27 de abril de 2020

Em 2015, quando rebentou a crise dos refugiados, estive disposta a abandonar tudo — casa, trabalho, cidade, família, país, língua, segurança — para trabalhar como voluntária em operações de salvamento no mar, assistência nas rotas terrestres e no acolhimento e integração de refugiados. Em 2020, quando a pandemia chegou a Portugal, fechei-me em casa sozinha com víveres para duas semanas em estado de terror pelo eventual contacto com a rua e com as pessoas lá fora. Li artigos de enfiada tanto de filósofos como de autoridades de saúde, avisando quer sobre a atual ameaça de novos totalitarismos, quer sobre formas eficazes de proteção. Ainda leio. Em minha defesa não posso senão dizer o seguinte: foi apenas em dezembro passado que estive duas semanas de cama com uma gripe que incluiu episódios de febre de 40º, vómitos, tosse (uma tosse que que durou mais de dois meses) e total incapacidade de me mexer para o que quer que fosse. Nessa altura escrevi o seguinte:

A doença transforma-nos ao ponto de nos tornarmos na antítese de nós próprios. Sempre que estou doente, lembro-me do Oscar Wilde que dizia "Meu Deus, livra-me das dores físicas que das morais trato eu". E, mais vezes do que gostaria de admitir, nos momentos especialmente complicados rezo fervorosamente, como se dali a minutos chegasse a morte. Comprometi-me muitas vezes com o desalento de quem não tem recursos suficientes para a cura e percebi que cada doença tem o seu delírio próprio, a sua narrativa, sempre acompanhada pelo isolamento, mesmo que estejamos no Hospital mais agitado. Como criadoras de identidade, as narrativas moldam a nossa perspetiva sobre o mundo. Penso que o âmbito do que consideramos ser uma alucinação, é definido por este movimento que passa dos vapores do delírio, de onde tantas vezes emergem as epifanias, à ímpia clareza. Quem somos quando a doença passa? Tabula rasa, constatamos que o que julgávamos adquirido — seja nos domínios do conhecimento ou da ação —, esmoreceu, se dissipou ou se extinguiu. Estamos agora mais frágeis do que nunca e o mundo exterior impressiona-nos como se tivéssemos acabado de nascer.

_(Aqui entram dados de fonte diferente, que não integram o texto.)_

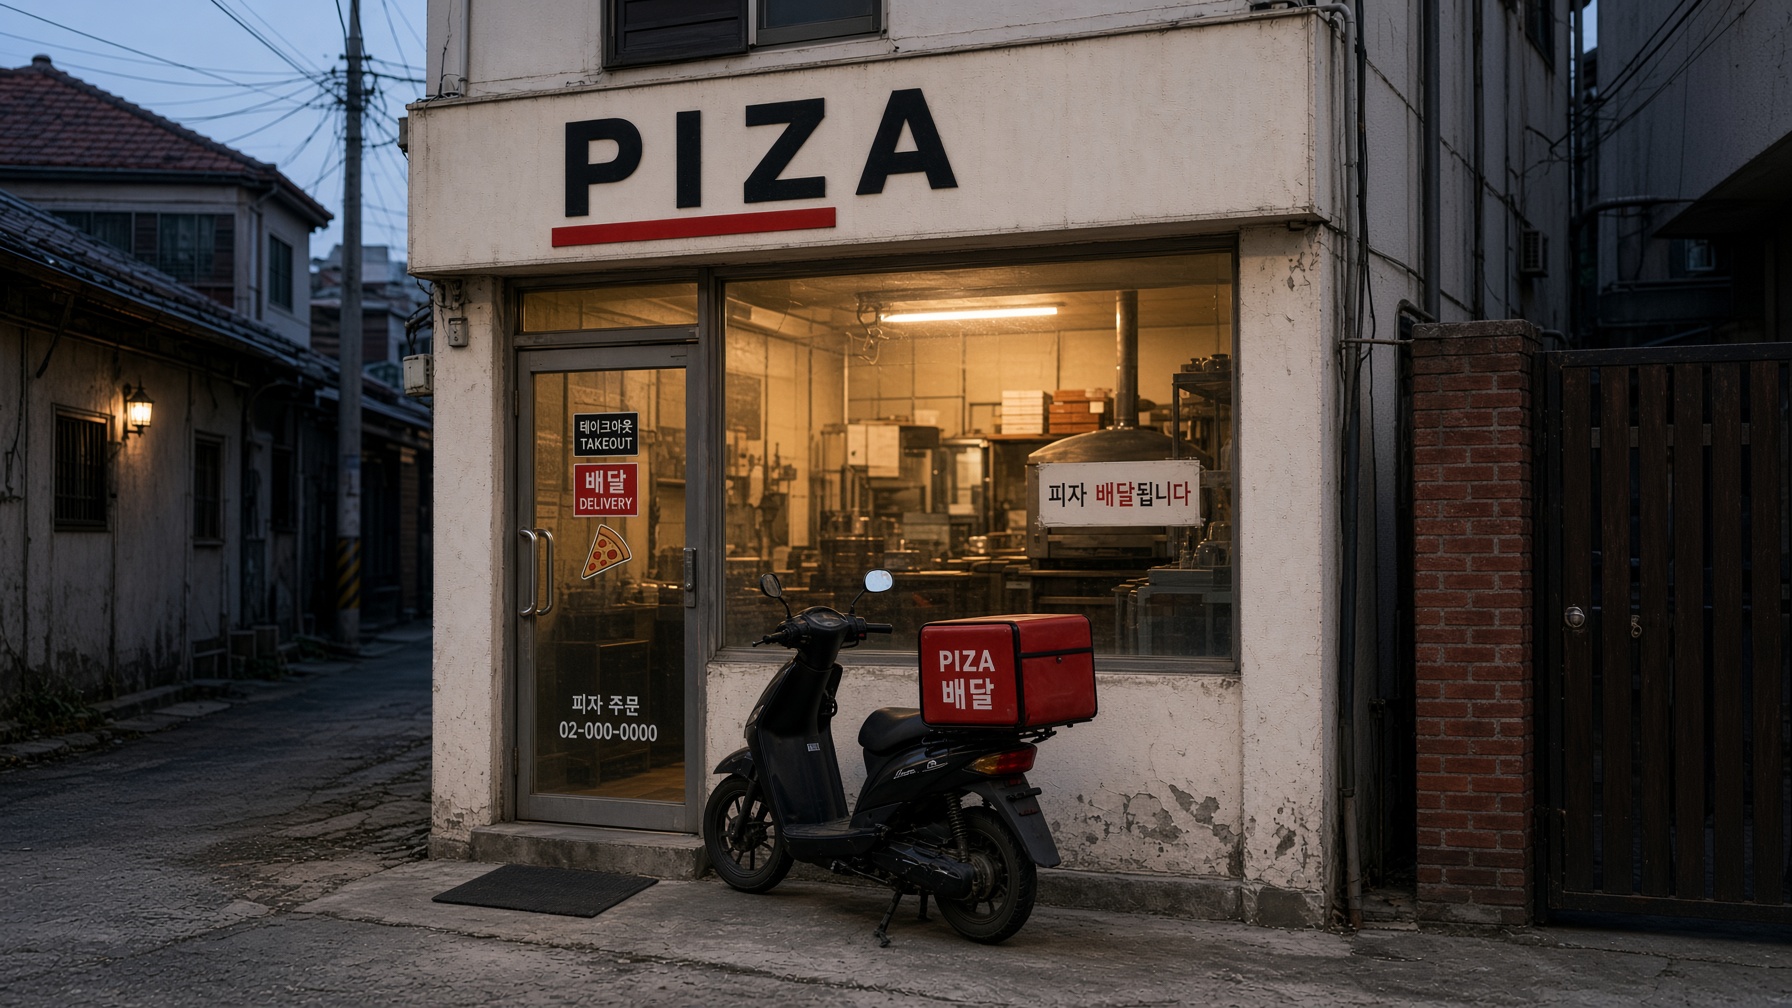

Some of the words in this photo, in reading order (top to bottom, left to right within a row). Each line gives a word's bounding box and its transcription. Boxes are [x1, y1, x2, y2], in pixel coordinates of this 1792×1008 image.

[565, 87, 959, 218] PIZA
[579, 419, 633, 434] 테이크아웃
[580, 437, 633, 450] TAKEOUT
[585, 469, 627, 494] 배달
[579, 497, 633, 510] DELIVERY
[1048, 482, 1088, 507] 피자
[1096, 481, 1192, 507] 배달됩니다
[939, 649, 996, 672] PIZA
[572, 693, 604, 715] 피자
[608, 695, 640, 716] 주문
[941, 677, 995, 710] 배달
[559, 721, 658, 742] 02-000-0000
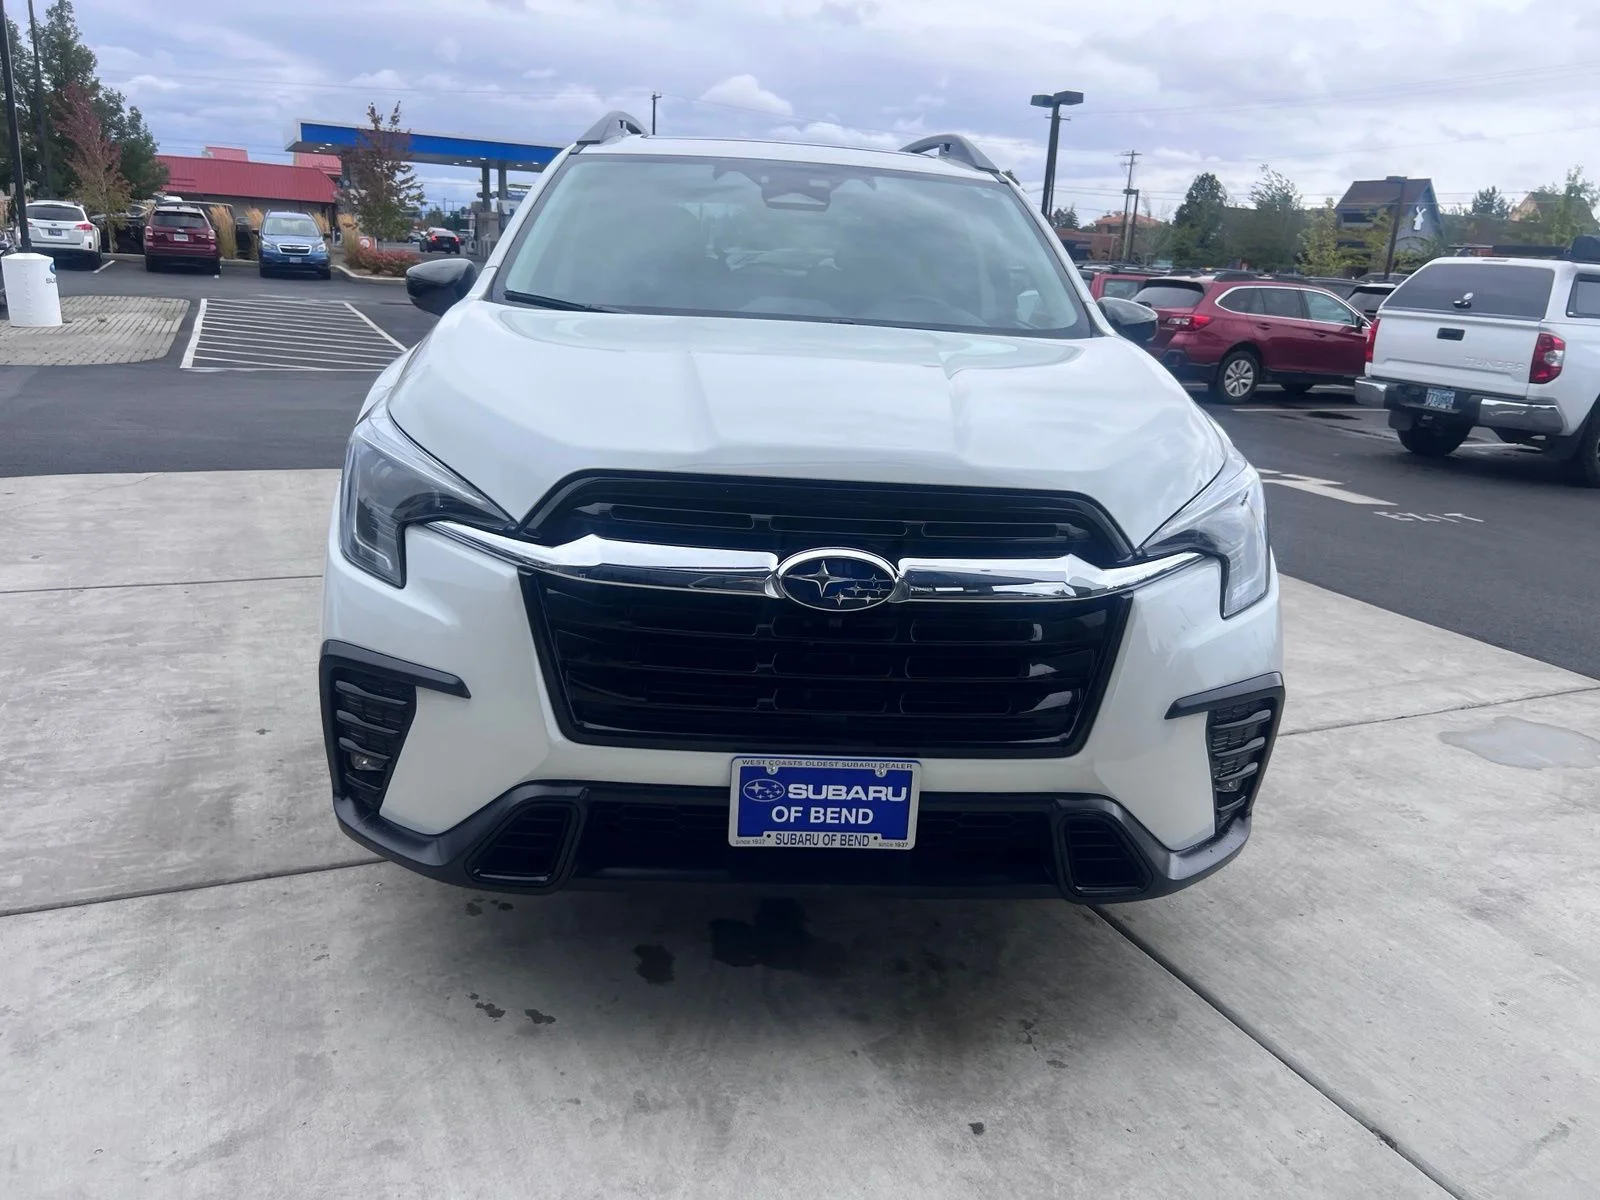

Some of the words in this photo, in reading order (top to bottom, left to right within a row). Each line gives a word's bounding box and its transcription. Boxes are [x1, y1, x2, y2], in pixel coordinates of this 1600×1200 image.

[1373, 511, 1484, 523] EXIT
[768, 759, 803, 767] COASTS
[805, 760, 839, 768] OLDEST
[878, 762, 913, 770] DEALER
[787, 783, 908, 803] SUBARU
[771, 805, 803, 824] OF
[809, 807, 875, 825] BEND
[775, 832, 820, 846] SUBARU
[822, 833, 837, 846] OF
[840, 834, 870, 847] BEND
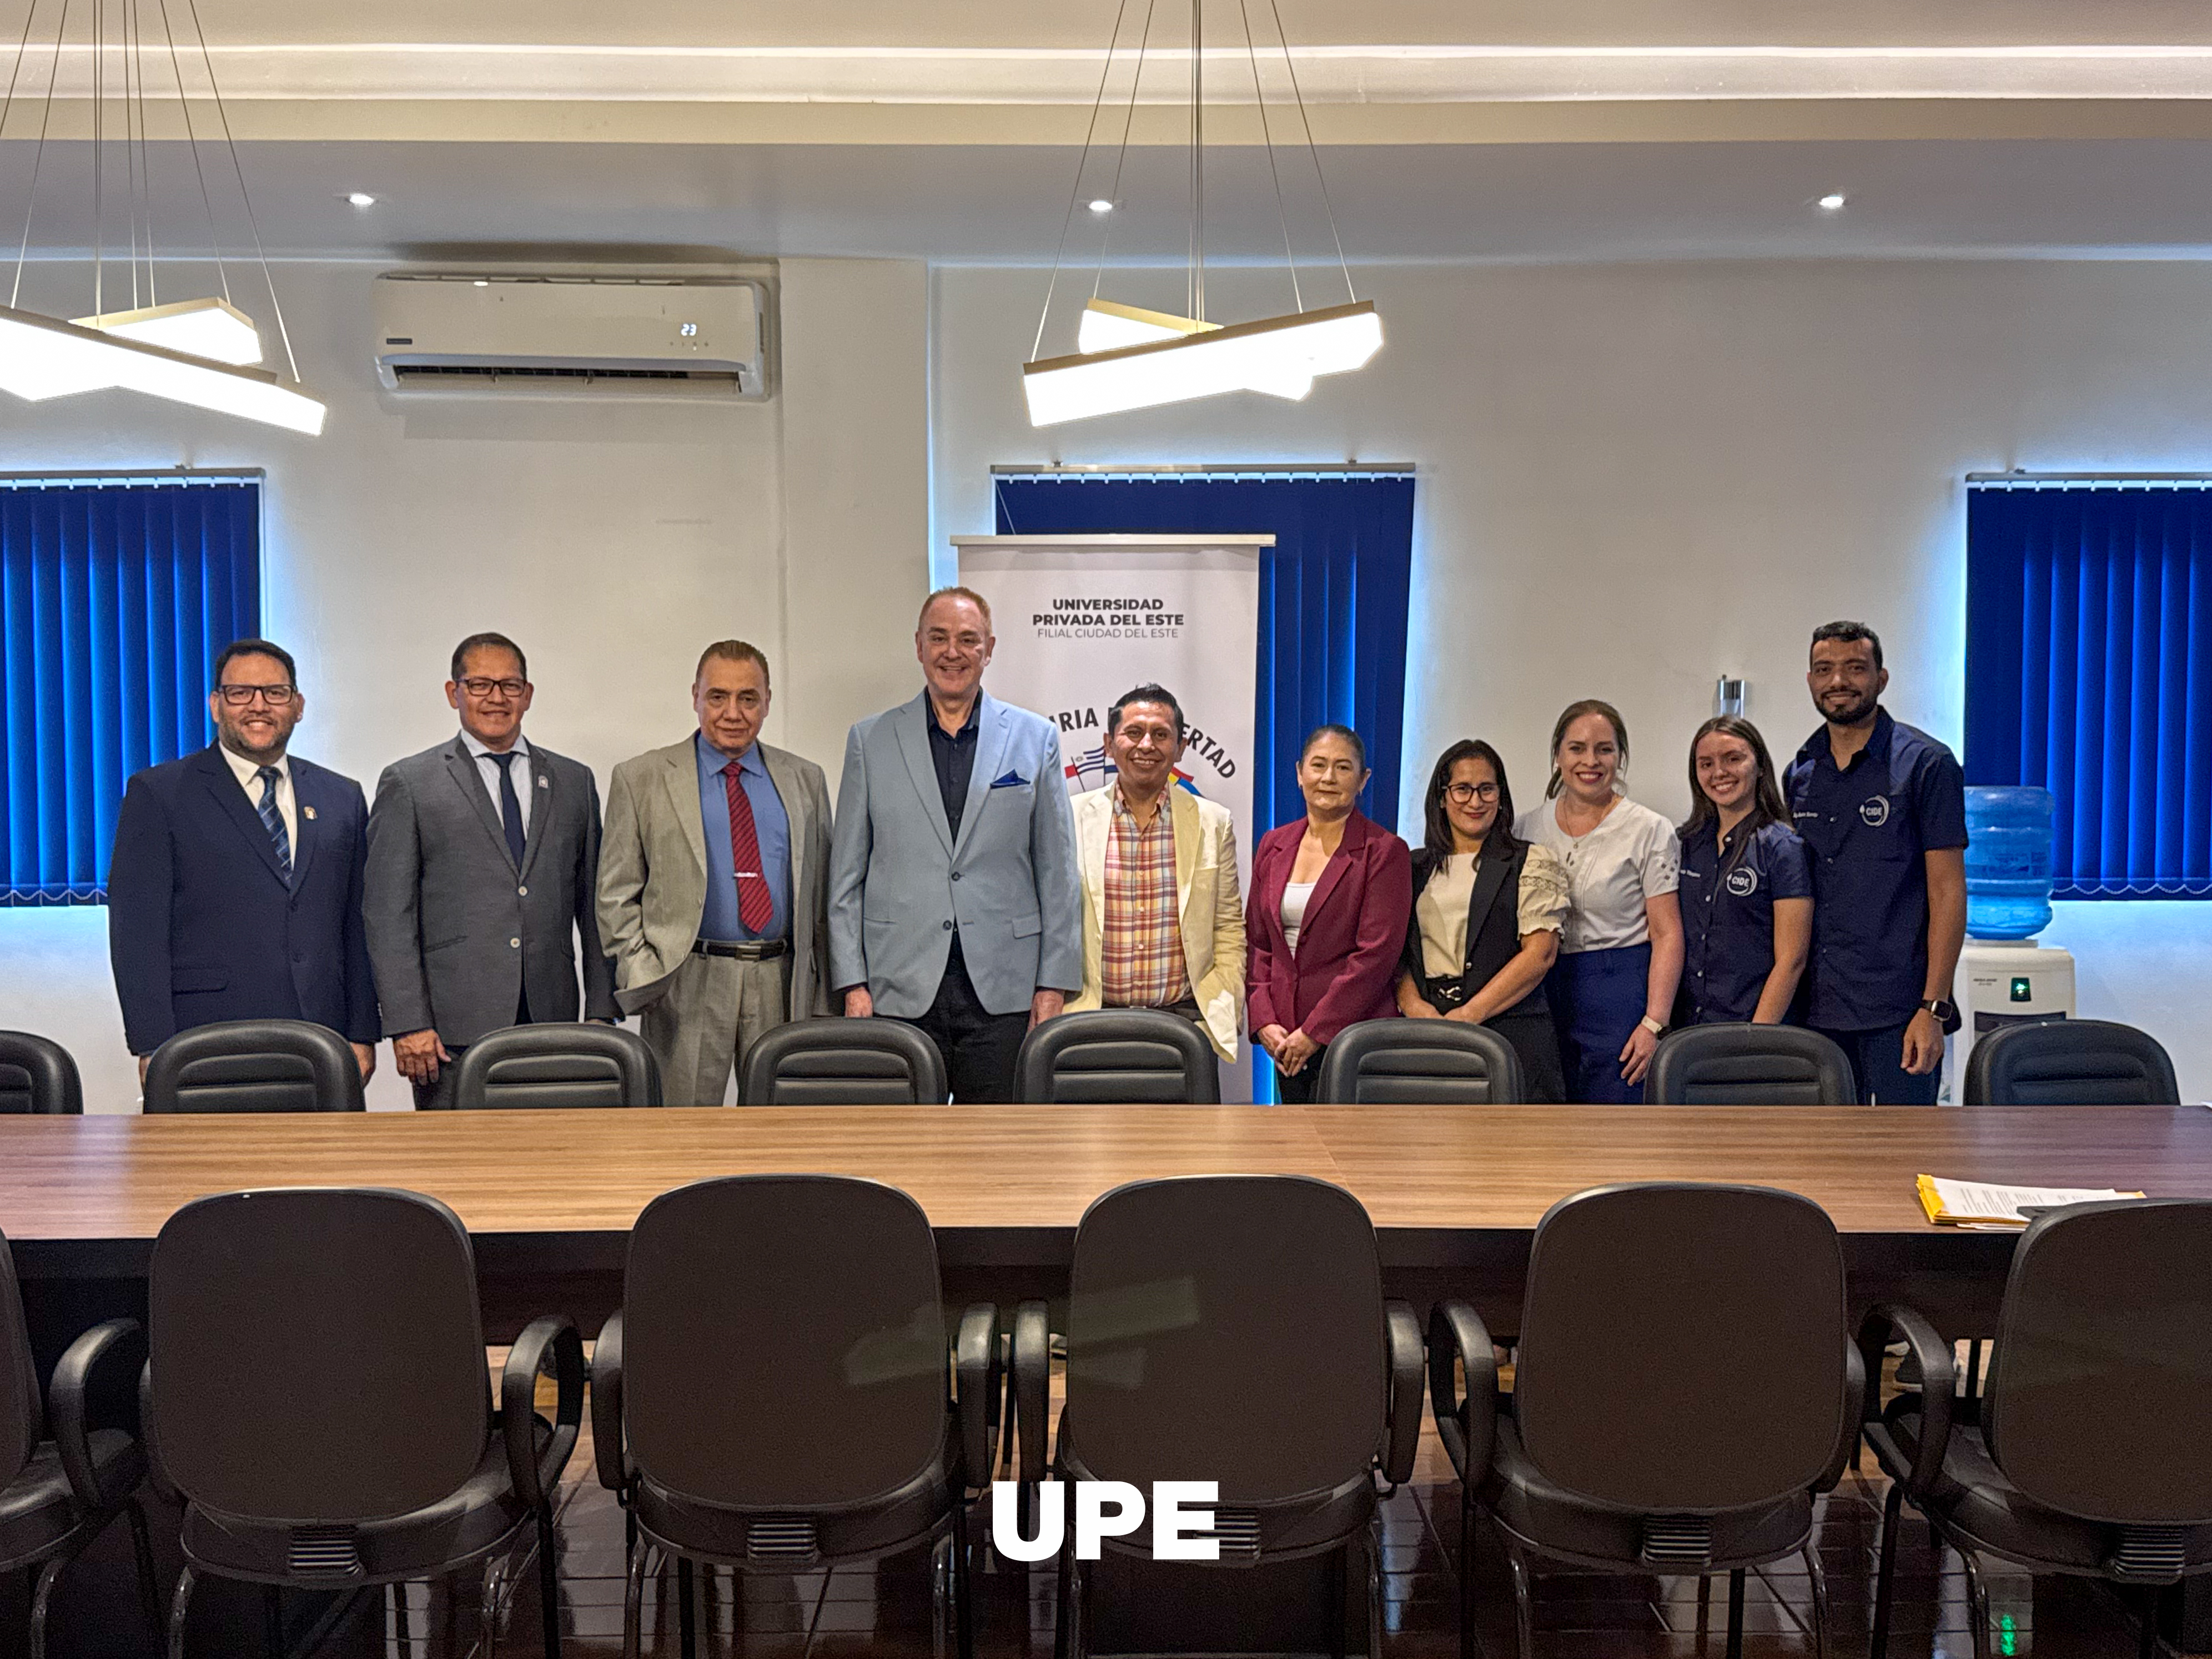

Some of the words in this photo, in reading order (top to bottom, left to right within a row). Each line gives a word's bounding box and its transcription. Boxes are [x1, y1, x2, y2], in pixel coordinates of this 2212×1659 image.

[681, 324, 697, 336] 23
[1053, 599, 1164, 610] UNIVERSIDAD
[1033, 615, 1105, 625] PRIVADA
[1110, 615, 1141, 625] DEL
[1145, 615, 1184, 625] ESTE
[1038, 629, 1072, 638] FILIAL
[1075, 629, 1122, 638] CIUDAD
[1125, 629, 1148, 638] DEL
[1151, 629, 1178, 638] ESTE
[1049, 707, 1099, 732] RIA
[1866, 807, 1882, 816] CIDE
[1732, 876, 1750, 887] CIDE

Quando o vírus chegou, dei por mim a dizer frases como «Não quero saber se é Covid ou outra coisa qualquer, não quero é ficar doente outra vez.» Não pensei uma única vez que poderia morrer. O que me deixava em total estado de horror, era a possibilidade de voltar à cama com febre. Não só de padecer de algum sofrimento atroz, mas sobretudo, a possibilidade de voltar a ter de enfrentar a violenta construção de uma narrativa, ao ponto de poder mudar radicalmente a minha história. O sofrimento passa, as histórias ficam connosco. E digo bem, enfrentar, pois é de um duelo que se trata, um duelo com fantasmas, formas, signos, sombras, imagens de uma temporalidade desagregada. Essas imagens não trazem qualquer ameaça a quem morre, mesmo a quem morre depois de passar por elas, pelo menos para mim, que acredito no total esgotamento da existência depois da morte. Mas trazem a quem lhes sobrevive, a ameaça de, ao delas regressar, dar de caras com uma vida silenciosa.